There's some really very clever innovation going on in semiconductor design, and for the next couple of generations of silicon chips this means we'll be able to jam still more transistors into an ever smaller space on their shiny gray surfaces. Our computers will get faster, and more powerful as a result. But no matter how clever we are at this task, there's a looming stop sign for silicon chips, based on the immutable laws of physics. Simultaneously we're beginning to realize that these simple, boring old boolean algebra-based chips are pretty limiting in their own way. So where next? University of California researchers have just served up an innovation of their own to help answer this, and it's all about wonder material graphene.
Graphene is remarkable in so many ways, from the randomness of its discovery (literally by peeling atom-thick layers of the stuff from a common lump of carbon graphite via some Scotch tape) to the extraordinary number of industries it could revolutionize.

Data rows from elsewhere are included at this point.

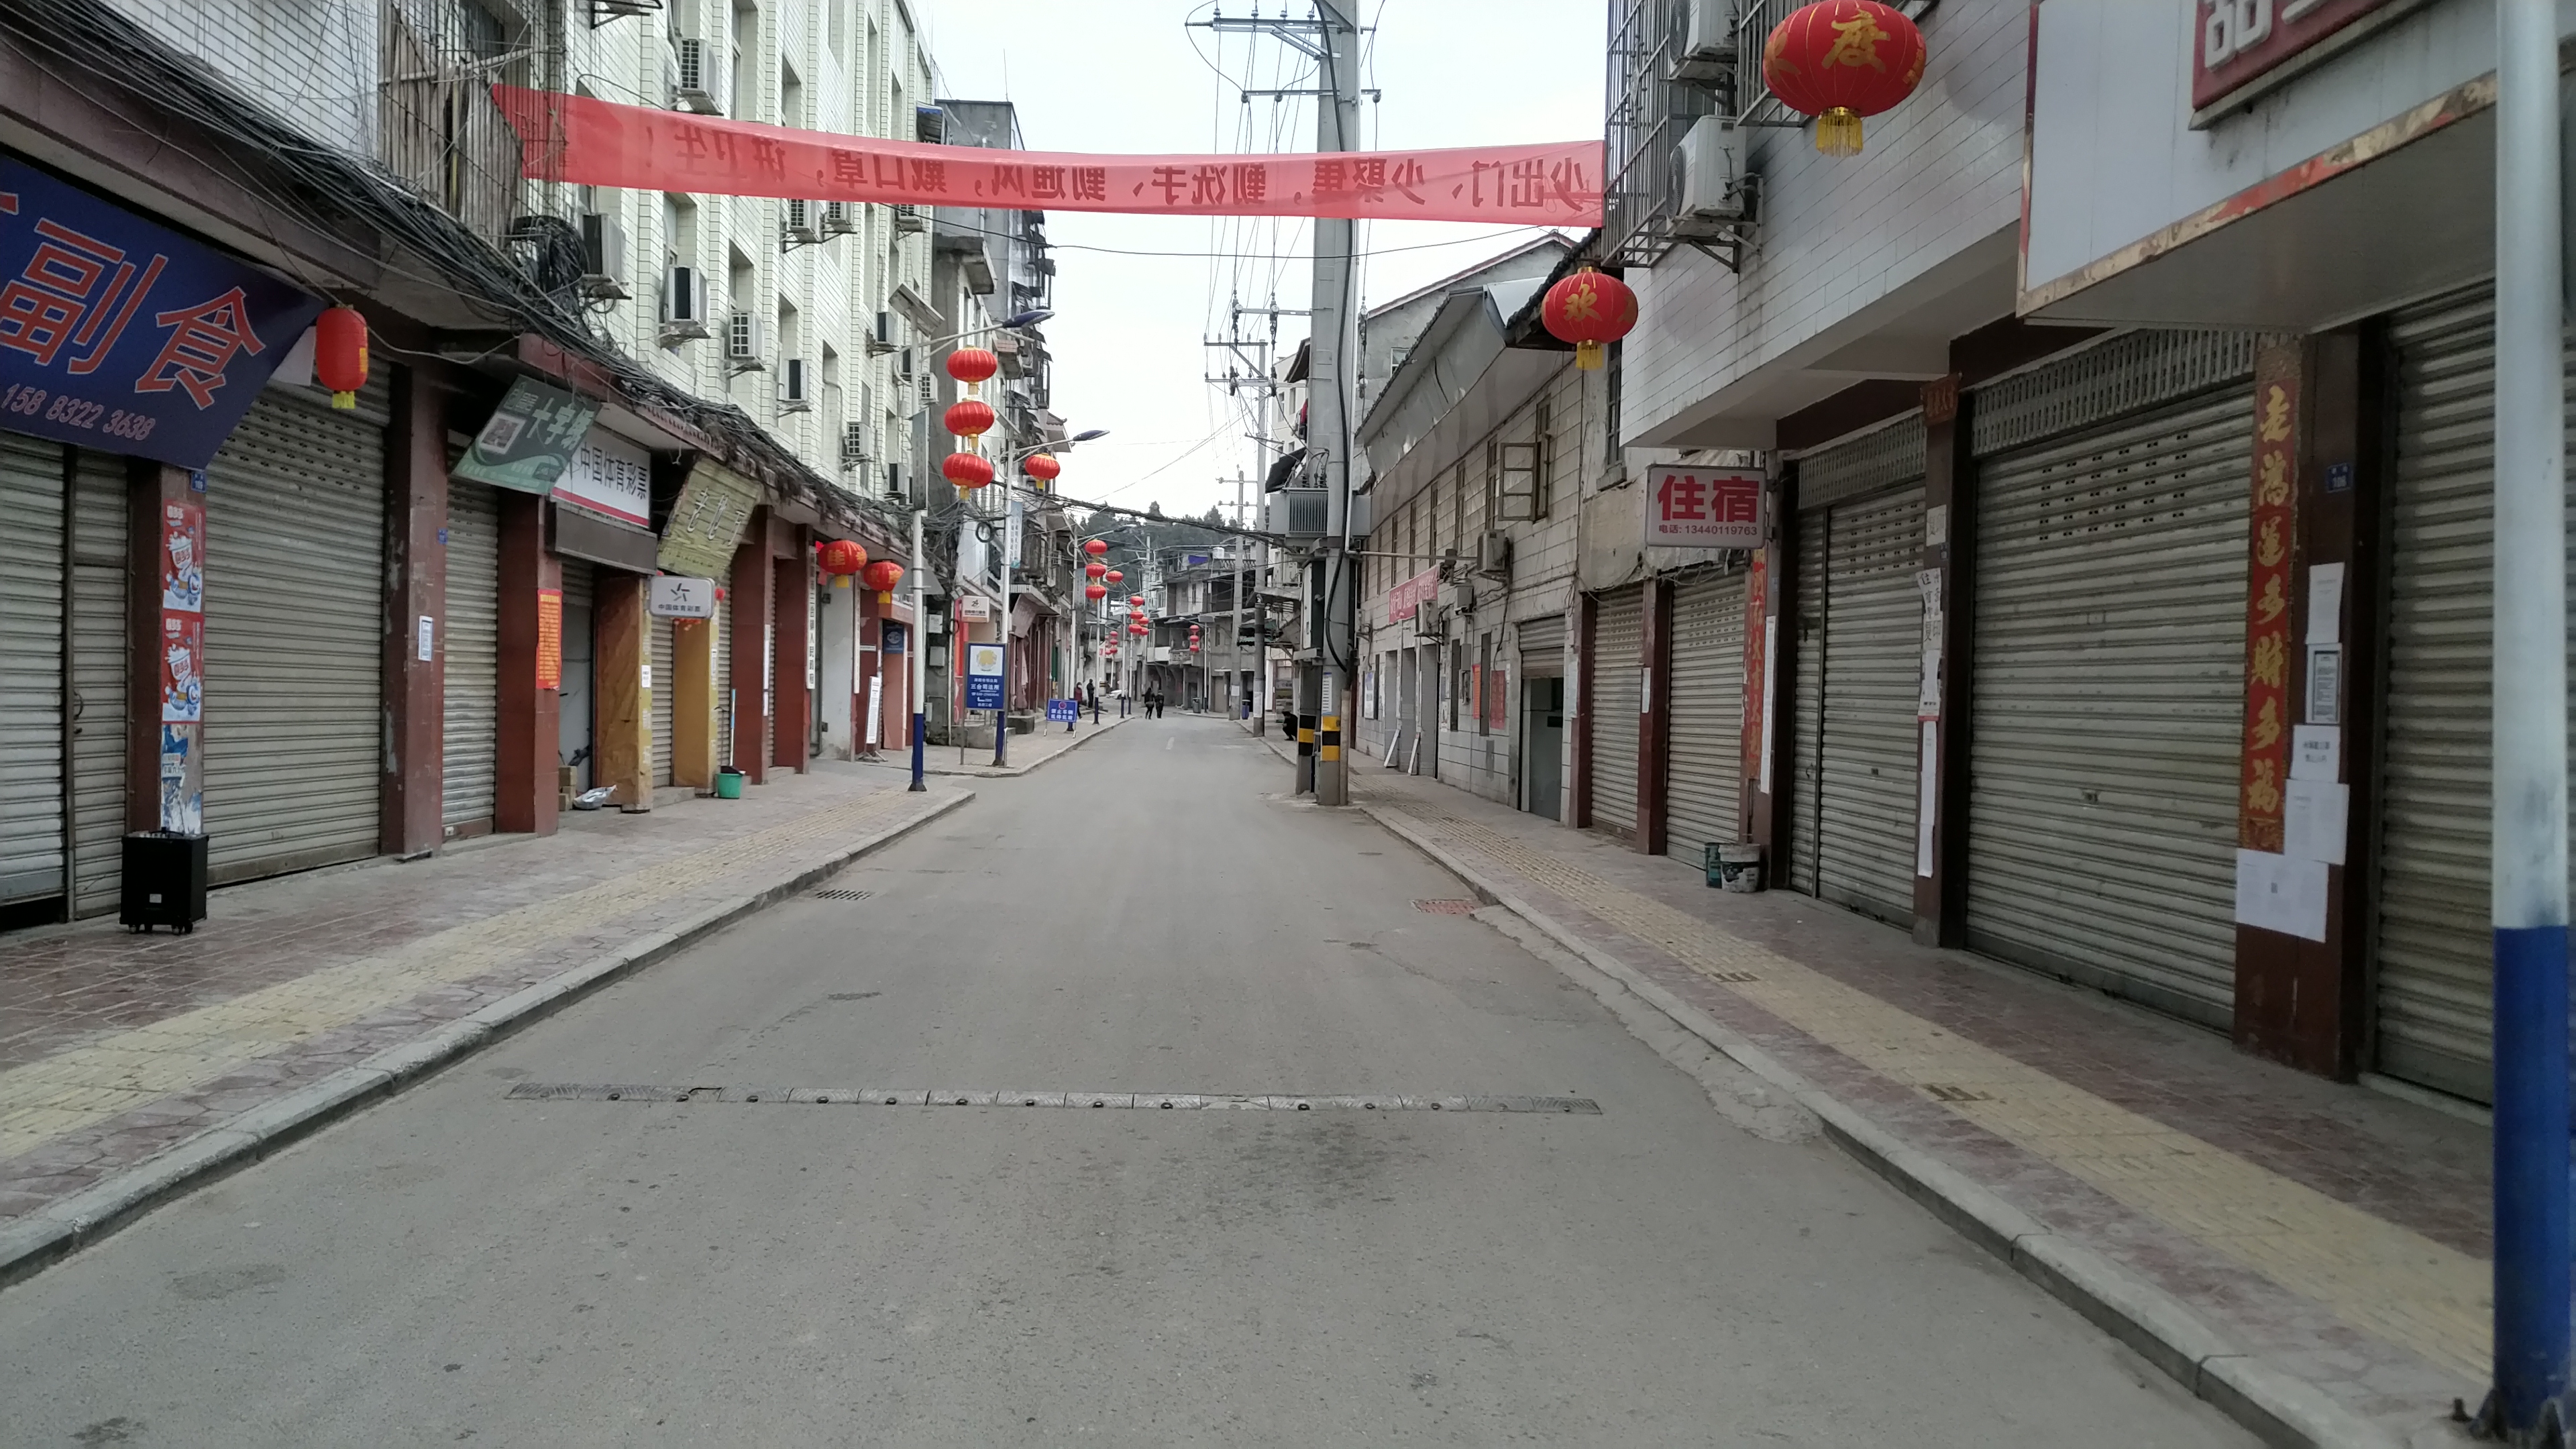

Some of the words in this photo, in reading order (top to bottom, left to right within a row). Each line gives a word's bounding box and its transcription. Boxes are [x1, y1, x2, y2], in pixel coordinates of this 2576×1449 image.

[0, 193, 266, 411] 副食
[1, 383, 47, 415] 158
[46, 395, 103, 429] 8322
[103, 409, 156, 441] 3638
[580, 441, 648, 500] 中国体育彩票
[1658, 474, 1760, 523] 住宿
[1685, 525, 1758, 536] 13440119763
[658, 604, 700, 612] 中国体育彩票
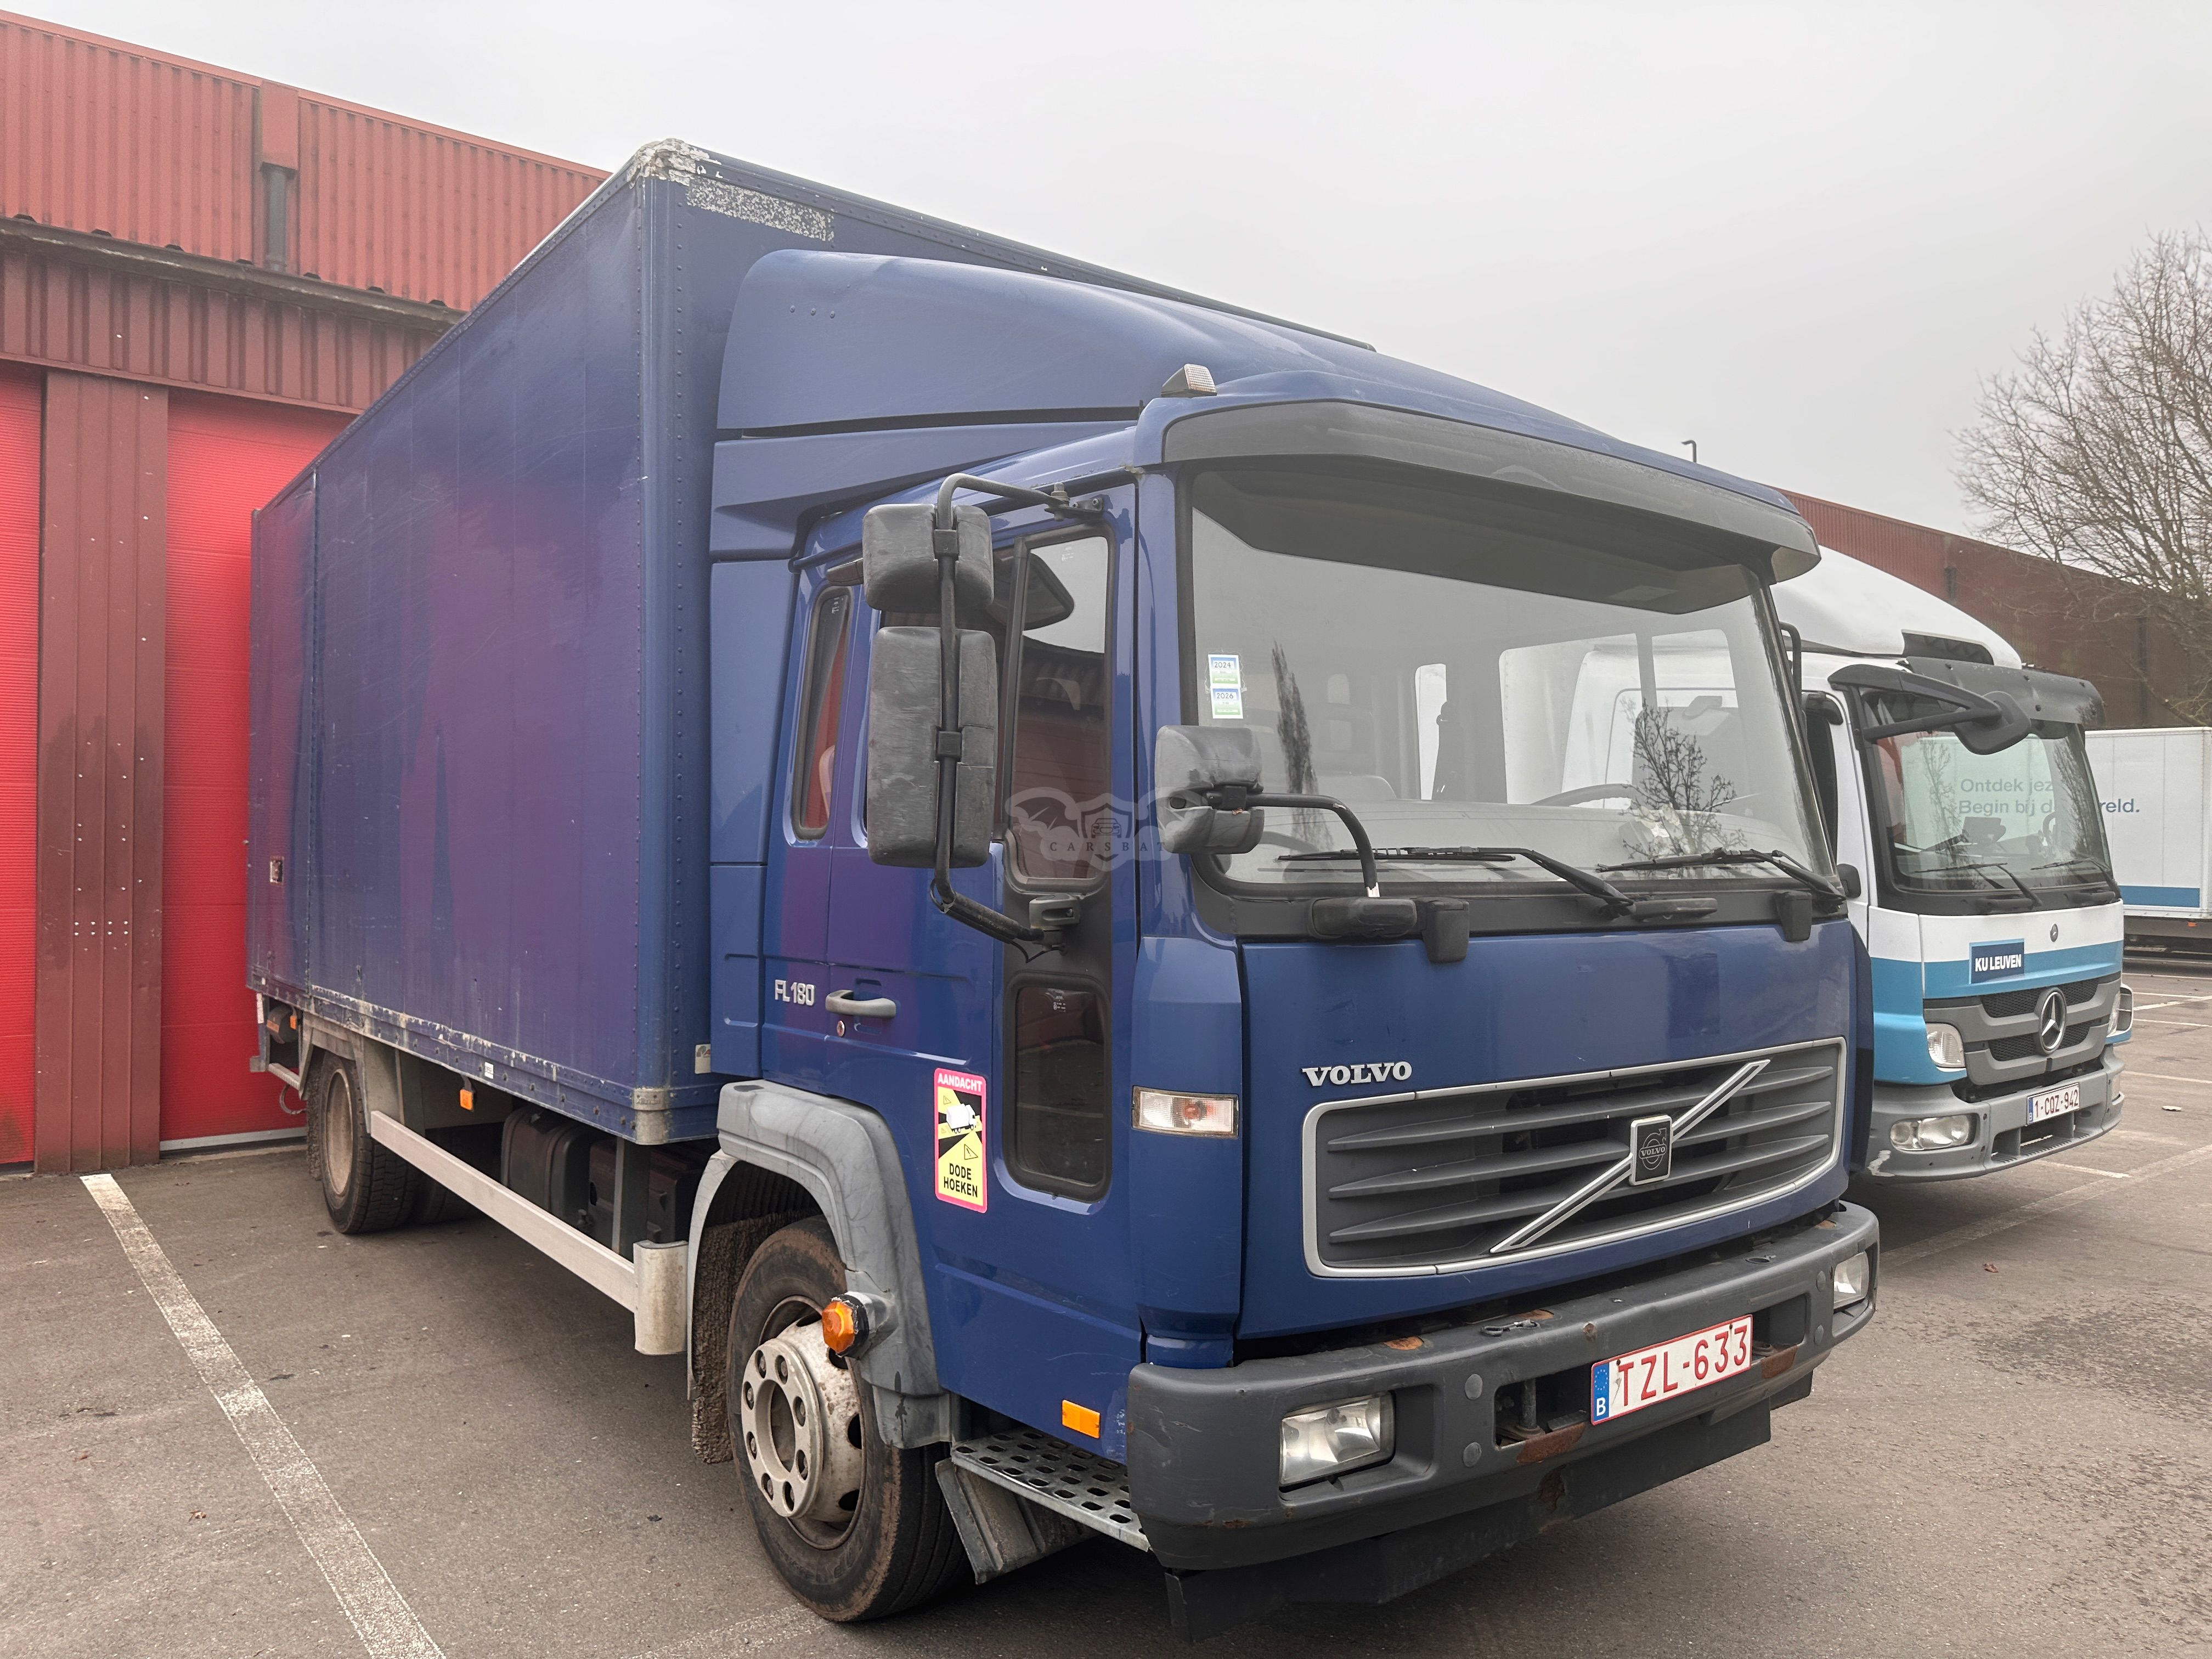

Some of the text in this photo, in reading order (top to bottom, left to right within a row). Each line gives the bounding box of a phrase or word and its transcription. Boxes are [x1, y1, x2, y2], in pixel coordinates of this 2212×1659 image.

[1961, 778, 2053, 796] Ontdek jez
[1959, 799, 2140, 817] Begin bij d reld.
[1975, 953, 2022, 972] KU LEUVEN
[938, 1073, 983, 1092] AANDACHT
[1301, 1060, 1413, 1087] VOLVO
[1640, 1146, 1666, 1156] VOLVO
[949, 1163, 972, 1181] DODE
[944, 1176, 978, 1198] HOEKEN
[1618, 1325, 1748, 1407] TZL-633
[1596, 1397, 1606, 1417] B

But when it comes to semiconductor chip designs, graphene has a problem: It doesn't have an energy band gap. This is the property of a material that determines, for example, if it's a conductor (with a thin band gap), or a semiconductor (with a thicker and highly tuneable band gap). The band gap determines all sorts of things about how semiconductors work, including the way electricity flows through a transistor. There have been efforts to force graphene to have a band gap, and thus behave like a semiconductor, but these are said to have failed to produce a workable material in different ways.
What the new team, from the University of California, Riverside Bourn's College of Engineering has found, is a way to use the non-band gap properties of graphene to process information in a different way. They've discovered that if you let go of the need to have wholly on or wholly off transistors driving chips that use math based on ones and zeros, you can create "non-Boolean" chips from graphene.
The team looked at what's called the negative differential resistance behavior of field-effect transistors made of graphene. Resistance in an electronic device like a resistor typically means that when you increase the current running through the device, the voltage goes up too. The opposite happens in the graphene devices, which demonstrate dropped voltage as current goes up. The weird behavior actually lets you design strange new transistors that can process different voltage values instead of merely flipping between current and no current for the zeros and ones in a silicon chip.
Considering that graphene works like this on a nanoscopic scale, it could allow future engineers to design extremely tiny non-linear circuits that consume very low electrical power and which flip through the various states needed to perform calculations incredibly fast. No "ones" or "zeros" in sight. This is a lot like the way your brain works, remember. Good job we're working on new programming languages for this tech already, eh?